How many grams of oxygen are collected in a reaction where 245 mL of oxygen gas is collected over water at a temperature of 25 ^\circ {\rm C} and a total pressure of 688 torr
Look up vapor pressure of H2O at 25C and
subtract from 688 torr.
688 torr - vpH2O = pressure dry gas.
Then use PV = nRT and solve for n = number of mols oxygen. Don't forget P must be in atmospheres (torr dry gas/760) and T must be in kelvin. V must be in L.
Then n = grams O2/molar mass O2. Solve for grams.

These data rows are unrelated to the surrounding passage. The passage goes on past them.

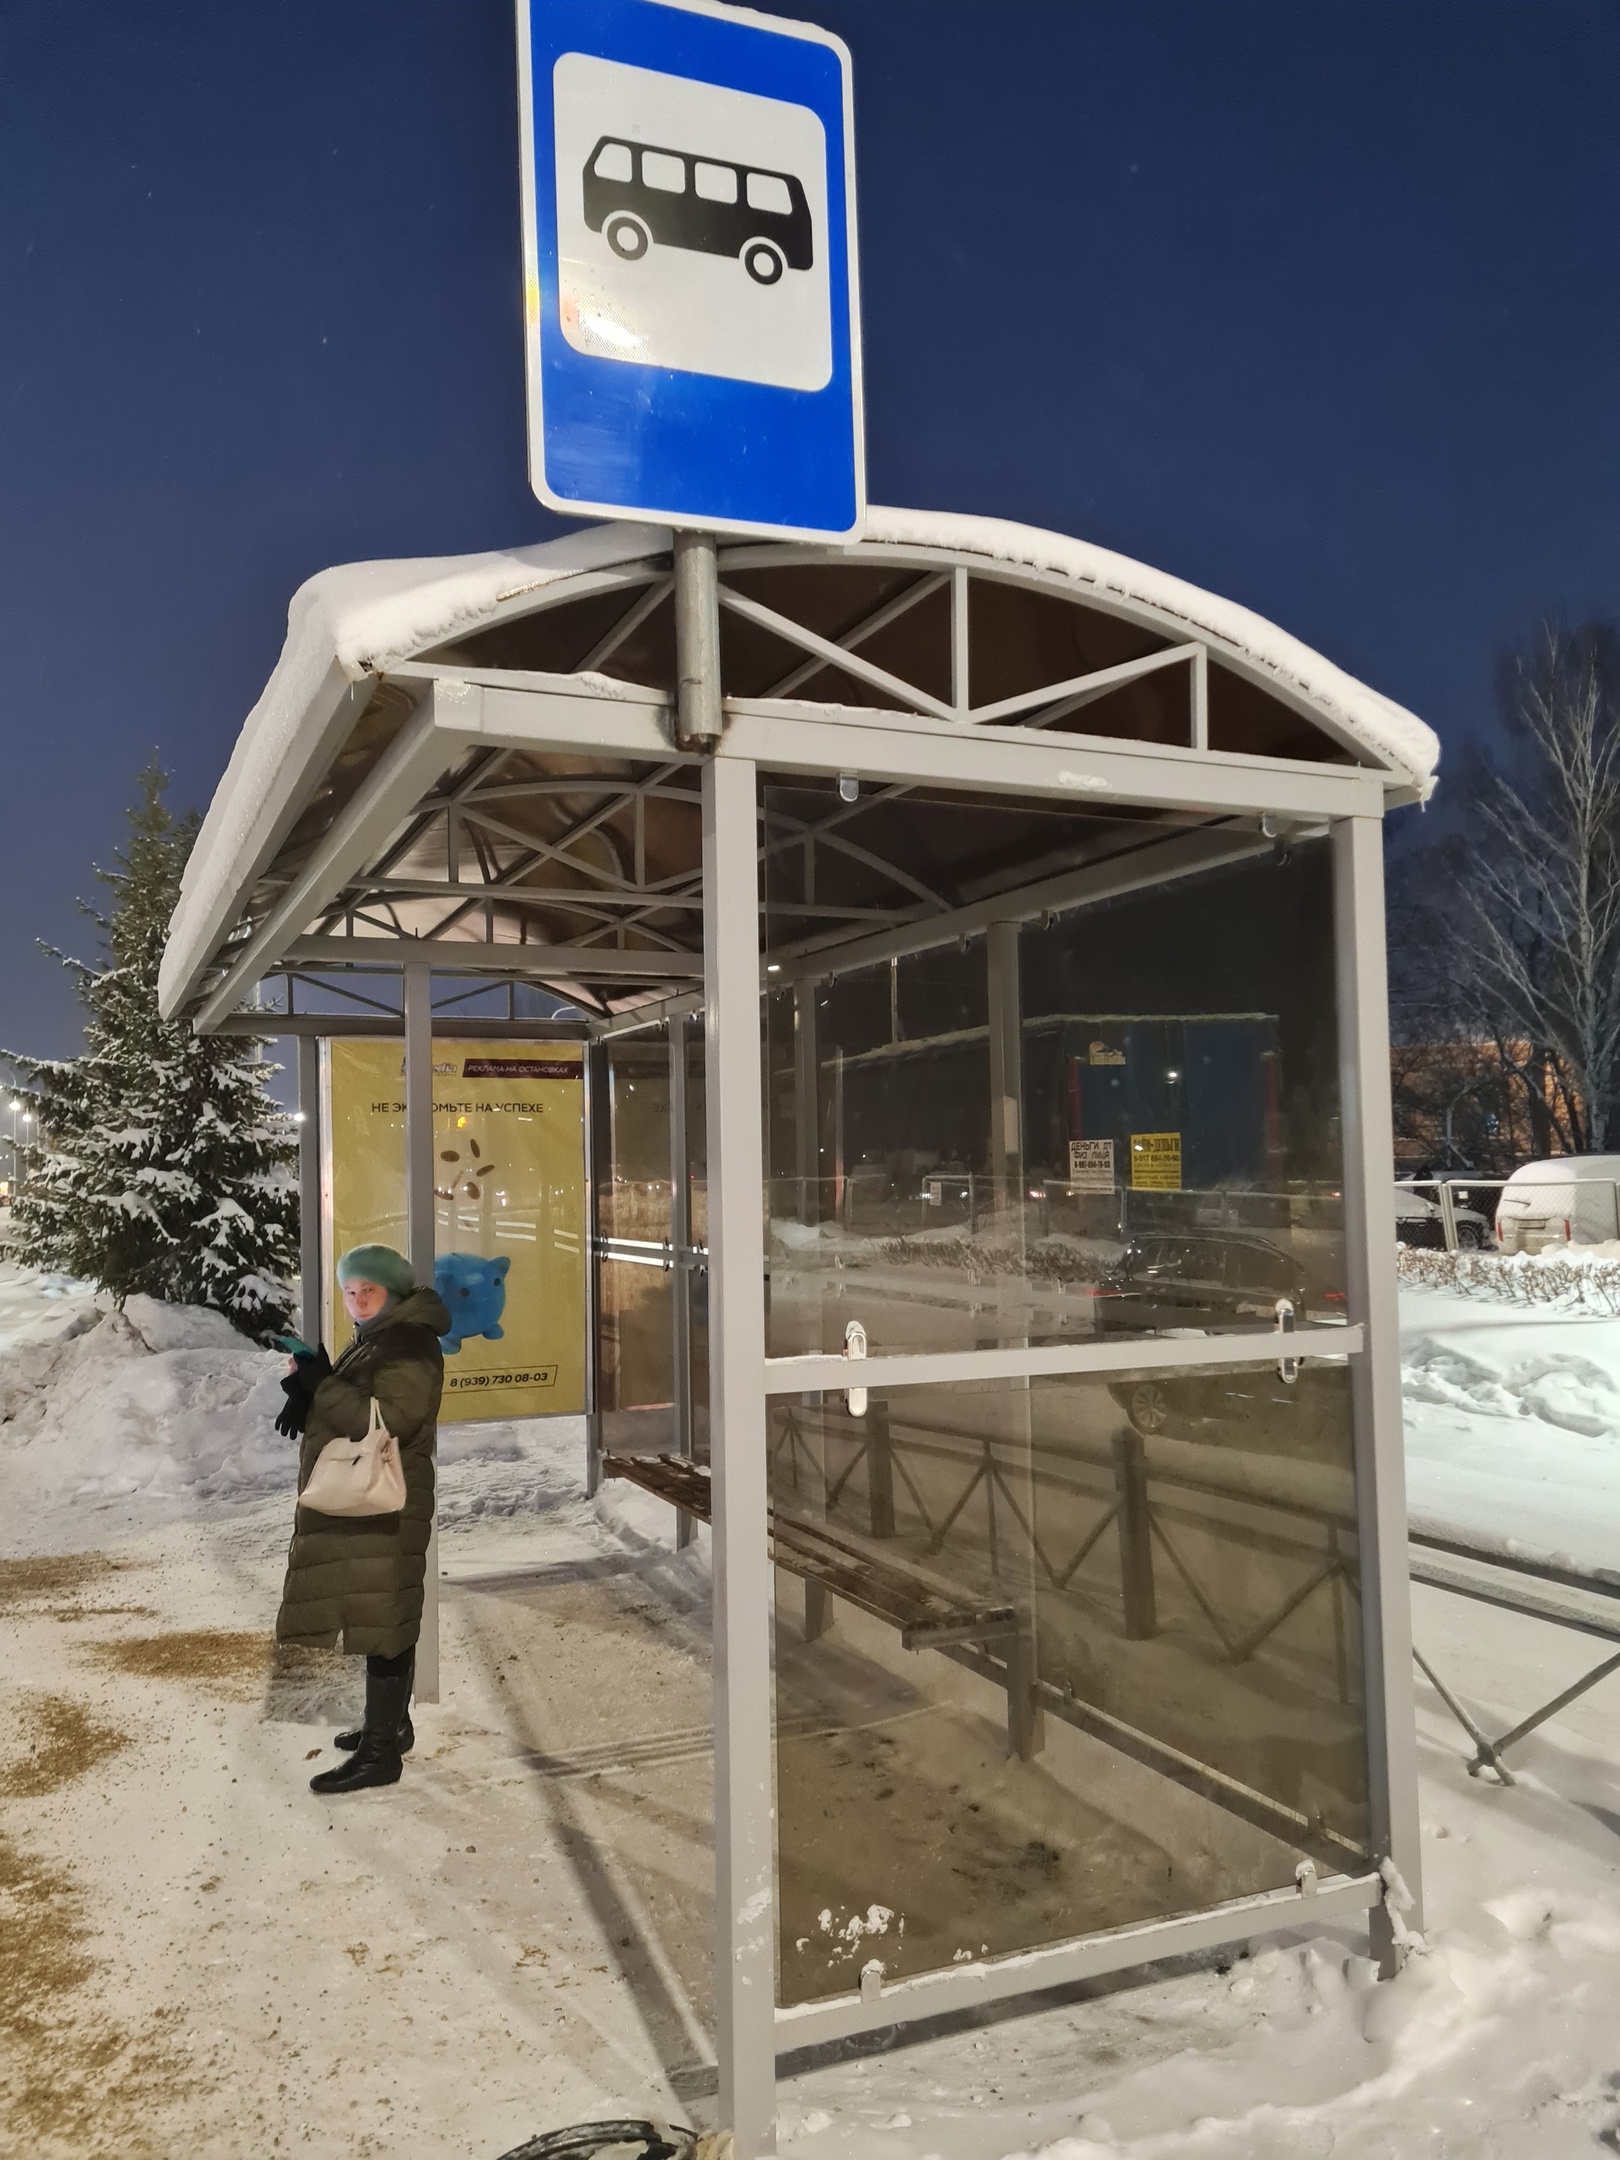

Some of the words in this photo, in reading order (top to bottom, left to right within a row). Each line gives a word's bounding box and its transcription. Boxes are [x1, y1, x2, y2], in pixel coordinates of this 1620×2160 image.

[467, 1064, 505, 1073] РЕКЛАМА
[505, 1065, 517, 1073] НА
[518, 1065, 569, 1074] ОСТАНОВКАХ
[372, 1103, 390, 1113] НЕ
[392, 1103, 473, 1113] ЭКОМЬТЕ
[476, 1103, 493, 1113] НА
[496, 1103, 544, 1113] УСПЕХЕ
[1071, 1141, 1099, 1151] ДЕНЬГИ
[450, 1378, 458, 1387] 8
[460, 1376, 490, 1388] (939)
[491, 1374, 513, 1384] 730
[515, 1373, 548, 1383] 08-03

To determine the number of grams of oxygen collected, we need to use the ideal gas law. The ideal gas law equation is:
PV = nRT
Where:
- P is the pressure of the gas (in atm)
- V is the volume of the gas (in liters)
- n is the number of moles of the gas
- R is the ideal gas constant (0.0821 L·atm/(mol·K))

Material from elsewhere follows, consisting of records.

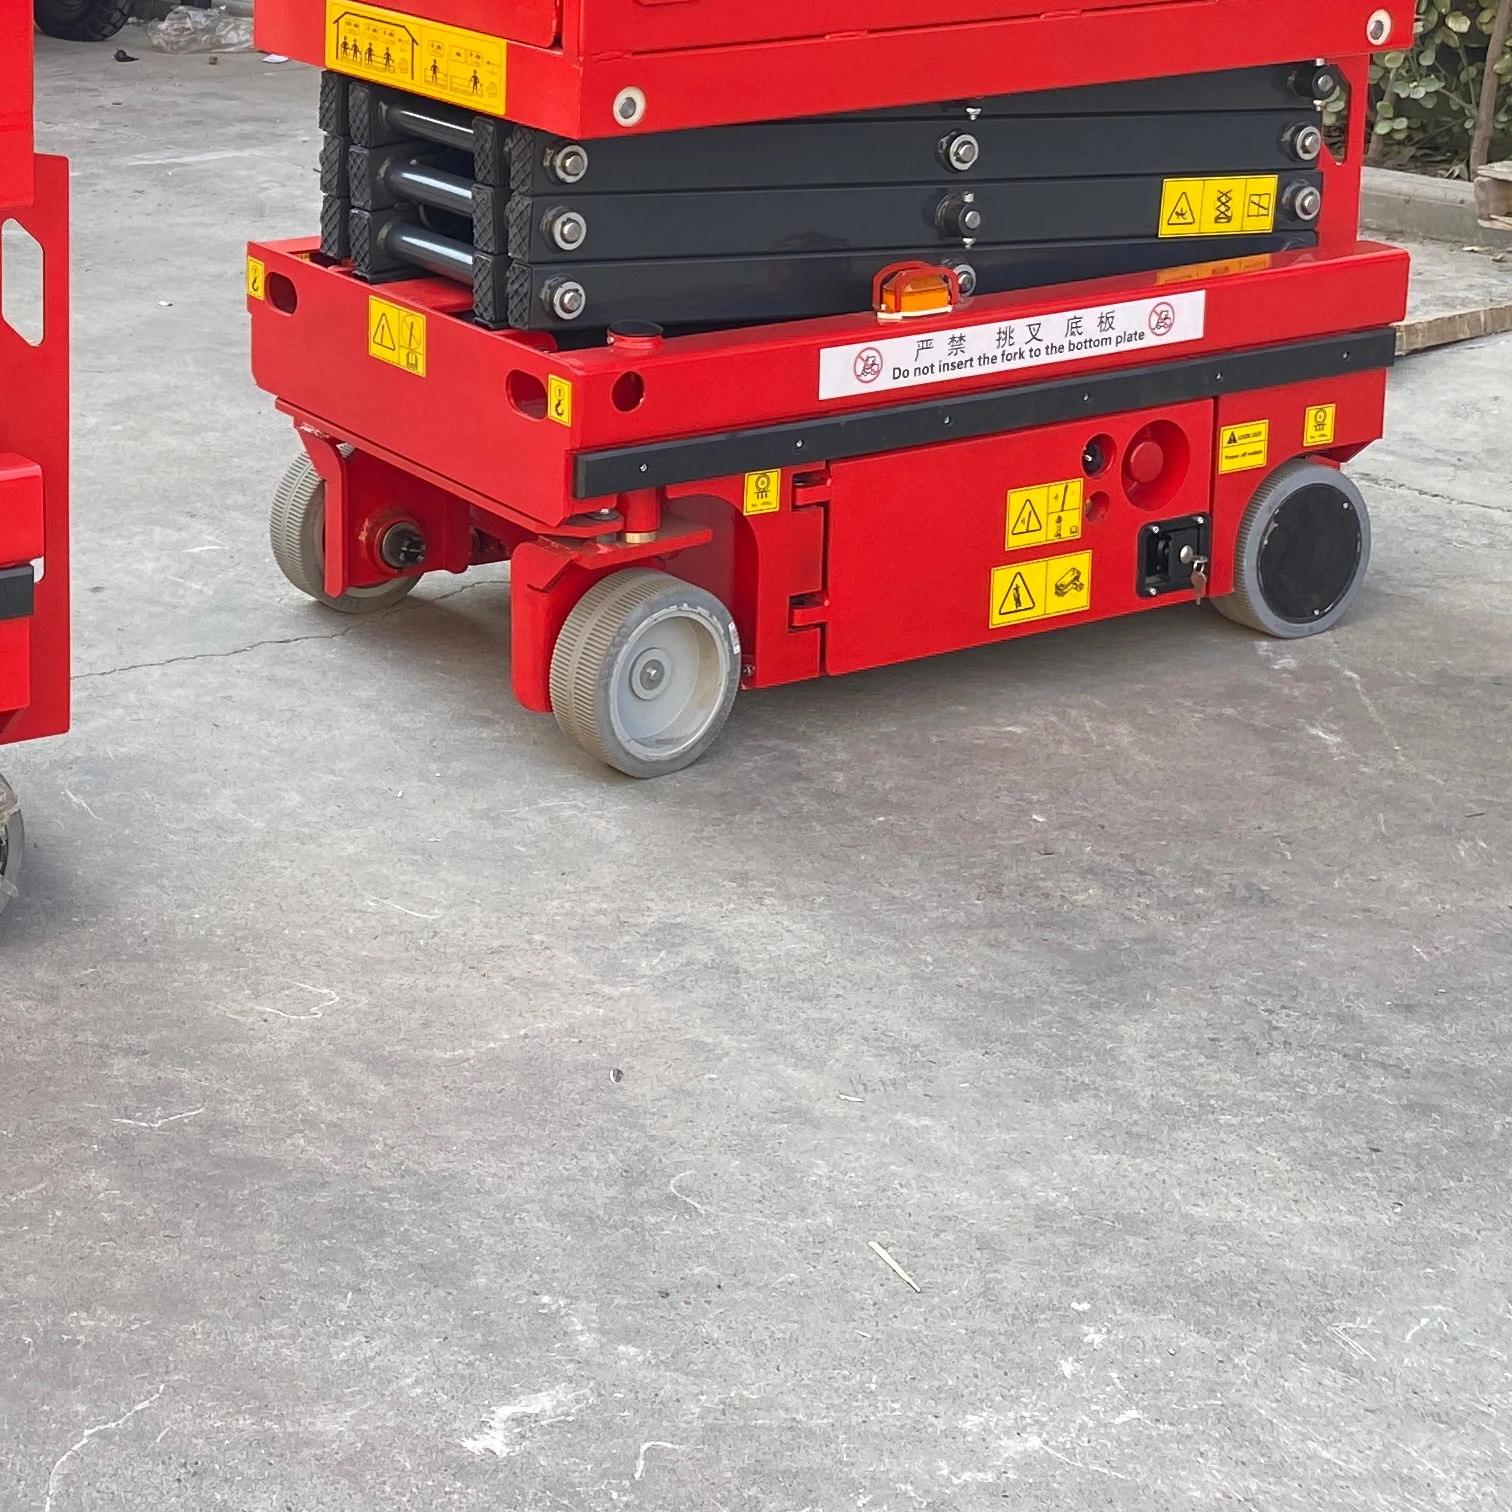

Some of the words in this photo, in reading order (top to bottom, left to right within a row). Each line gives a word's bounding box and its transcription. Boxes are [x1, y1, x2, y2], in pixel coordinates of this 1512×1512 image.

[892, 366, 910, 381] Do
[913, 362, 936, 378] not
[938, 356, 975, 374] insert
[976, 352, 998, 367] the
[1000, 347, 1026, 363] fork
[1028, 346, 1042, 359] to
[1044, 342, 1065, 356] the
[1067, 336, 1112, 353] bottom
[1115, 330, 1146, 347] plate

- T is the temperature of the gas (in Kelvin)
First, we need to convert the given values to the appropriate units:
- The temperature is in degrees Celsius, so we need to convert it to Kelvin. We add 273.15 to the given temperature:
T = 25°C + 273.15 = 298.15 K
- The pressure is given in torr, and we need to convert it to atm. Since 1 atm = 760 torr, we divide the given pressure by 760:
P = 688 torr / 760 torr/atm = 0.905 atm
Now we can plug the values into the ideal gas law equation to calculate the number of moles (n) of the gas released:
PV = nRT
(0.905)(V) = n(0.0821)(298.15)
Since the volume is given as 245 mL, which is equivalent to 0.245 L, we can substitute the values:
(0.905)(0.245) = n(0.0821)(298.15)
Solving for n:
0.221725 = 24.460415n
n ≈ 0.00906 moles
To find the mass of oxygen collected, we need to use its molar mass. The molar mass of oxygen (O2) is approximately 32 g/mol.
Using the formula mass = moles × molar mass:
mass = 0.00906 moles × 32 g/mol
mass ≈ 0.2907 grams
Therefore, approximately 0.2907 grams of oxygen are collected in this reaction.